» **Problem description**: Return the records, each one exactly as written.

(Data items)
##############################

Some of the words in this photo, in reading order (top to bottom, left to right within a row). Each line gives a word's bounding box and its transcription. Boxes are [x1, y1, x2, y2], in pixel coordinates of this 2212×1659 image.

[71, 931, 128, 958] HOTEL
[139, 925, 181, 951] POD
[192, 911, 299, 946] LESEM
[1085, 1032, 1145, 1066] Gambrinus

##############################

» **Worked solution**:
Some of the words in this photo, in reading order (top to bottom, left to right within a row). Each line gives a word's bounding box and its transcription. Boxes are [x1, y1, x2, y2], in pixel coordinates of this 2212×1659 image.

[71, 931, 128, 958] HOTEL
[139, 925, 181, 951] POD
[192, 911, 299, 946] LESEM
[1085, 1032, 1145, 1066] Gambrinus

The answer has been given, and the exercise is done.